The cotton campaign has developed statements for both Uzbekistan which was upgraded to tier 2 http://www.cottoncampaign.org/us-decision-fails-forced-labor-victims-in-uzbekistan.htmland Turkmenistan which remains at tier 3 http://www.cottoncampaign.org/turkmenistan-remains-in-the-lowest-possible-ranking-in-the-annual-tip-report.html. Catholic News Agency covered the report here, noting that trafficking remains a problem in the U.S.
September 09, 2017
Currently, Pope Francis is visiting Colombia. One of his stops will be Cartagena and the shrine of St. Peter Claver, a Jesuit priest, on the day after his feast day. In fact, his final public event in Colombia is a Mass in the evening at the seafront in Cartagena, during which the remains of St. Peter Claver and St. Maria Bernarda Bütler, a Swiss Franciscan Missionary Sisters of Our Lady of Perpetual Help, who also worked there, will be exposed.
Peter Claver was born to a prosperous family in Verdu, Spain, and earned his first degree in Barcelona. He entered the Jesuits in 1601. When he was in Majorca studying philosophy, Claver was encouraged by Alphonsus Rodriguez, the saintly doorkeeper of the college, to go to the missions in America. Claver listened, and in 1610 he landed in Cartagena, Colombia. After completing his studies in Bogotá, Peter was ordained in Cartagena in 1616.
Cartagena was one of two ports where slaves from Africa arrived to be sold in South America. Between the years 1616 and 1650, Peter Claver worked daily to minister to the needs of the 10,000 slaves who arrived each year.

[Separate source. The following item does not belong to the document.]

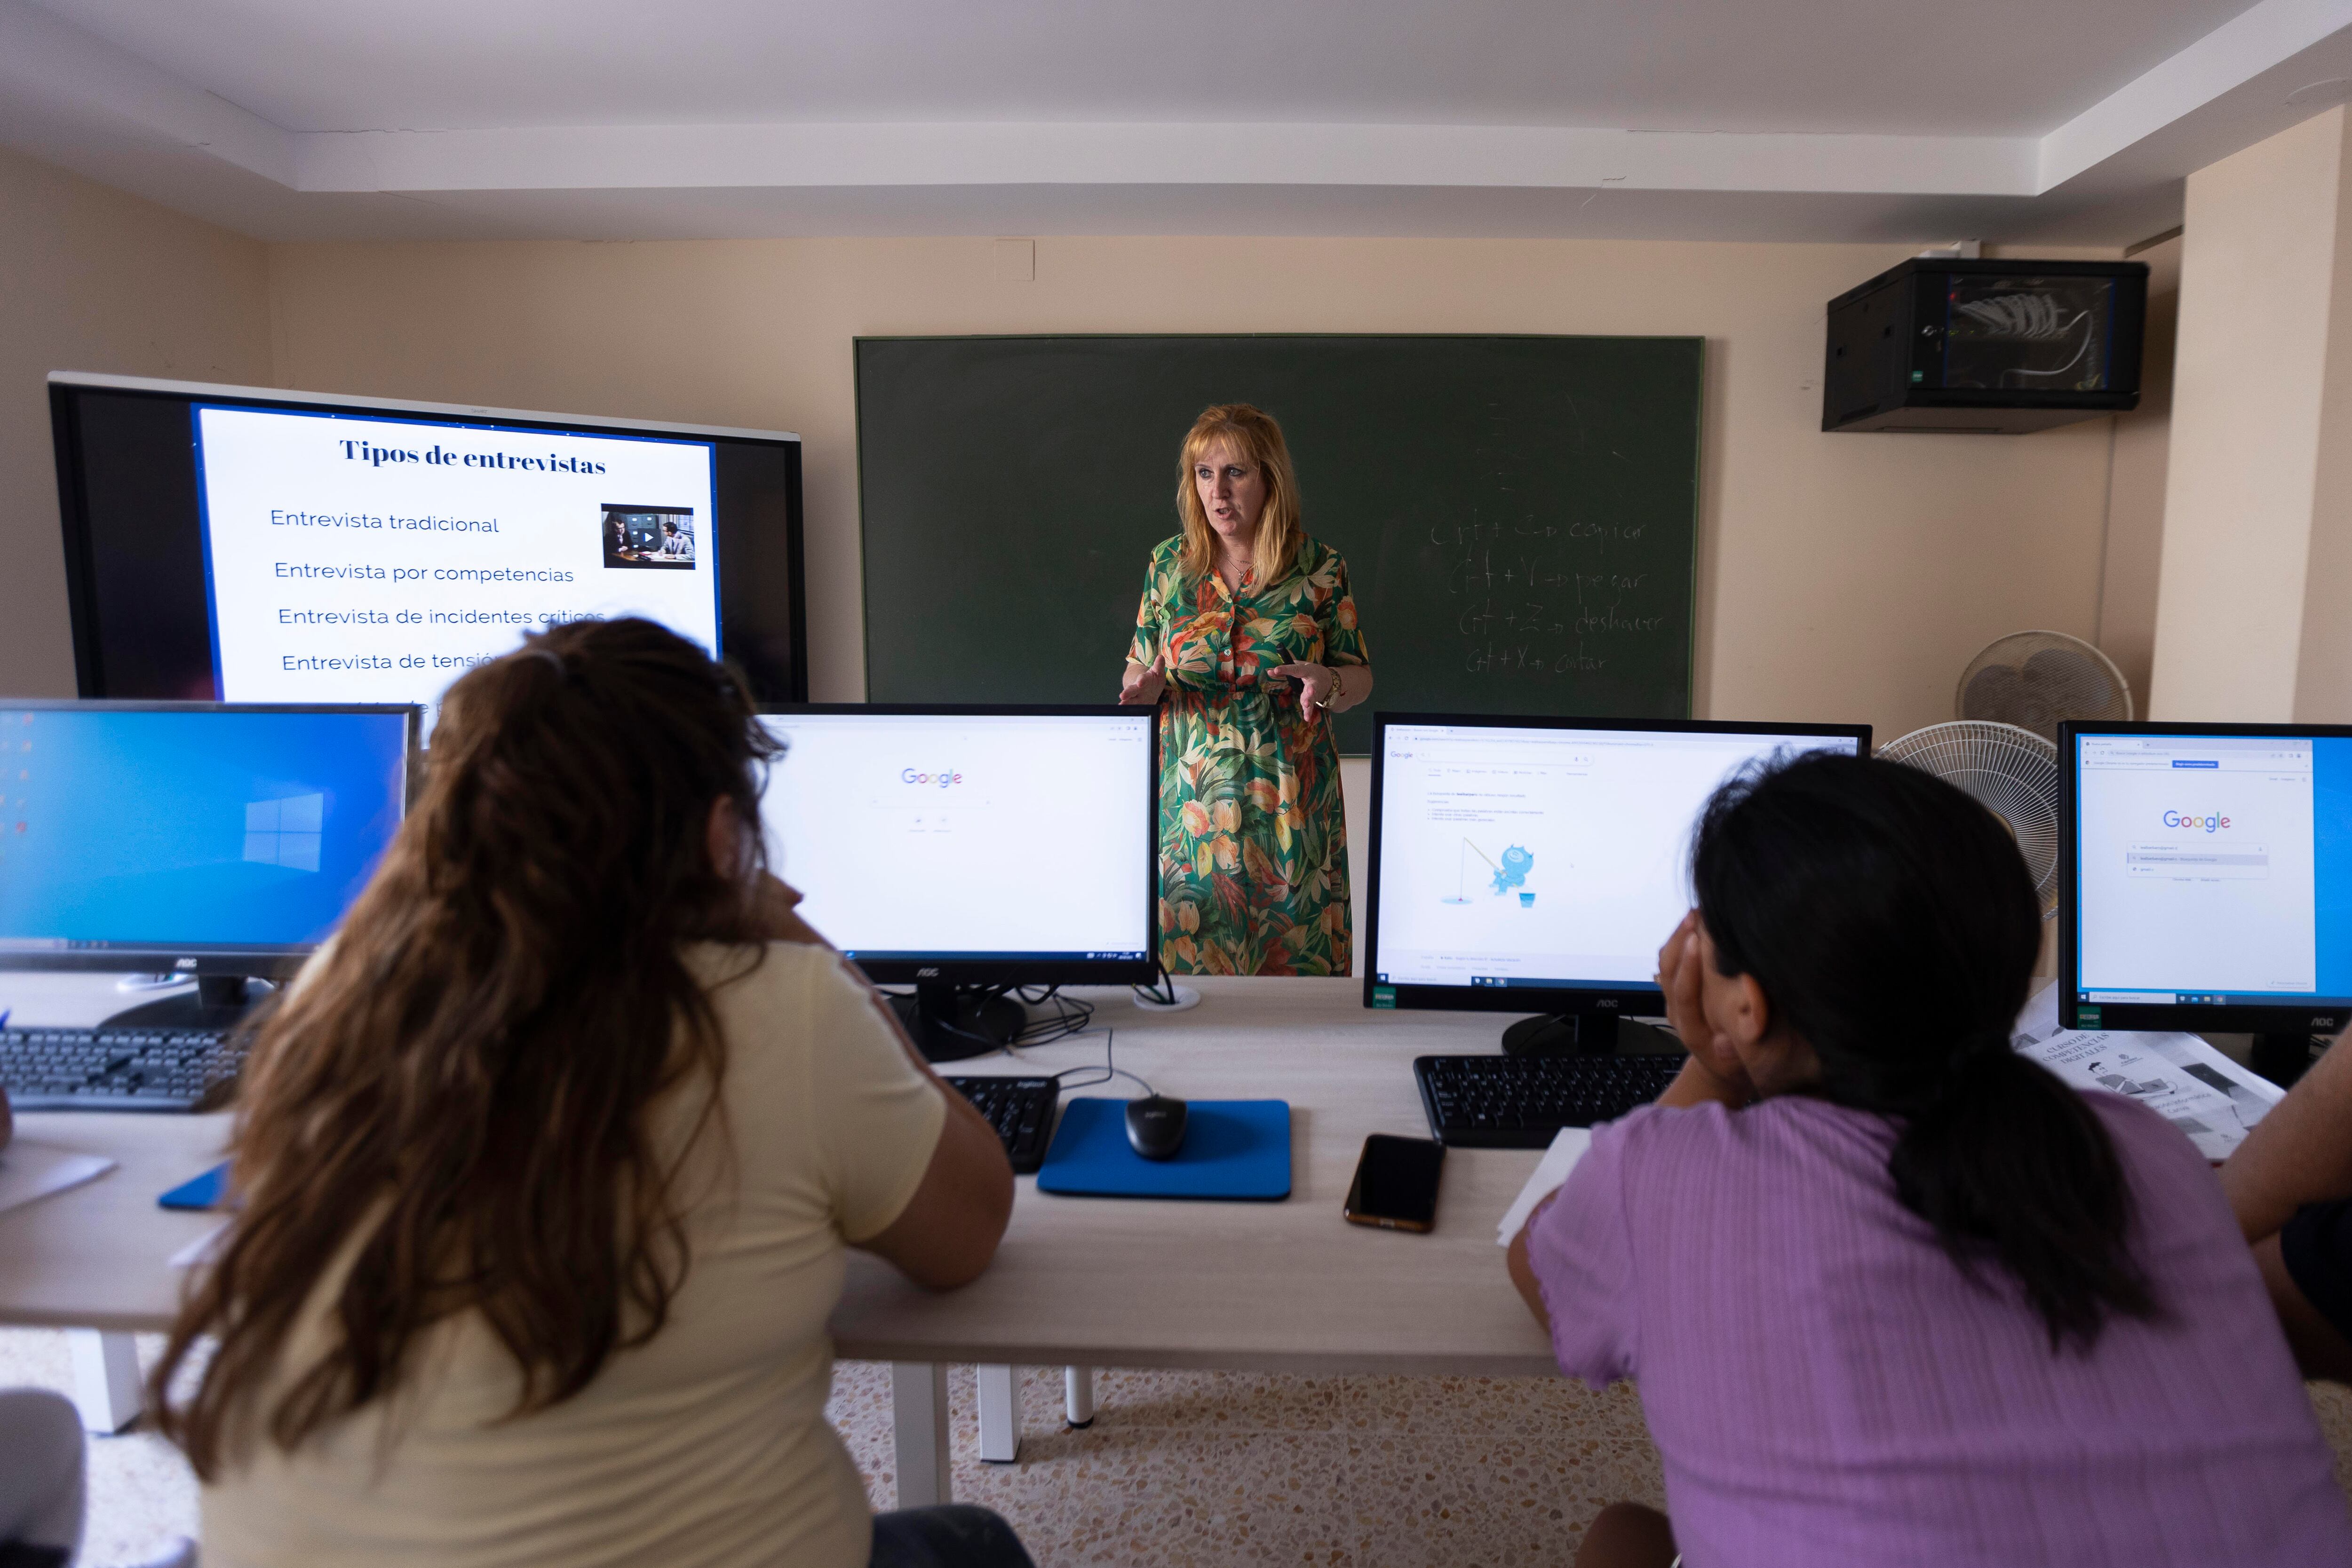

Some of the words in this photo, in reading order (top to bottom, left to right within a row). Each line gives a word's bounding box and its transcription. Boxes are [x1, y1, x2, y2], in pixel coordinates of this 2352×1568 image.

As soon as a slave ship entered the port, Peter Claver moved into its infested hold to minister to the ill-treated and exhausted passengers. After the slaves were herded out of the ship like chained animals and shut up in nearby yards to be gazed at by the crowds, Claver plunged in among them with medicines, food, bread, brandy, lemons, and tobacco. With the help of interpreters he gave basic instructions and assured his brothers and sisters of their human dignity and God’s love. During the 40 years of his ministry, Claver instructed and baptized an estimated 300,000 slaves. Claver said, “We must speak to them with our hands before we speak to them with our lips.”
In the last years of his life Peter was too ill to leave his room. The ex-slave who was hired to care for him treated him cruelly, not feeding him many days, and never bathing him. Claver never complained. He was convinced that he deserved this treatment.
In 1654 Peter was anointed with the oil of the Sacrament of the Sick. When Cartagenians heard the news, they crowded into his room to see him for the last time. They treated Peter Claver’s room as a shrine, and stripped it of everything but his bedclothes for mementos. At the age of 73, Claver died September 7, 1654.
St. Peter Claver was canonized in 1888. His memorial is celebrated on September 9.
When we look upon today’s slaves as anything else than fellow human beings and gifts of God, we view them as commodities to be bought and sold. We deprive them of their dignity. These are the poor and vulnerable who are forced, coerced, or by economic choice enter into a very dark underworld that enmeshes at least 21 million people on our planet today.
Like Saint Peter Claver, let us see the “Christ” within each and every person, especially those who are the world’s modern slaves, like many who make our clothes. Indeed, St. Peter Claver, a patron saint for victims of human trafficking, is a saint for garment justice.
O God, who made Saint Peter Claver a slave of slaves and strengthened him with wonder charity and patience as he came to their help, grant, through his intercession, that, seeking the things of Jesus Christ, we may love our neighbor in deeds and in truth. Through our Lord Jesus Christ, your Son, who lives and reigns with you in the unity of the Holy Spirit, one God, for ever and ever.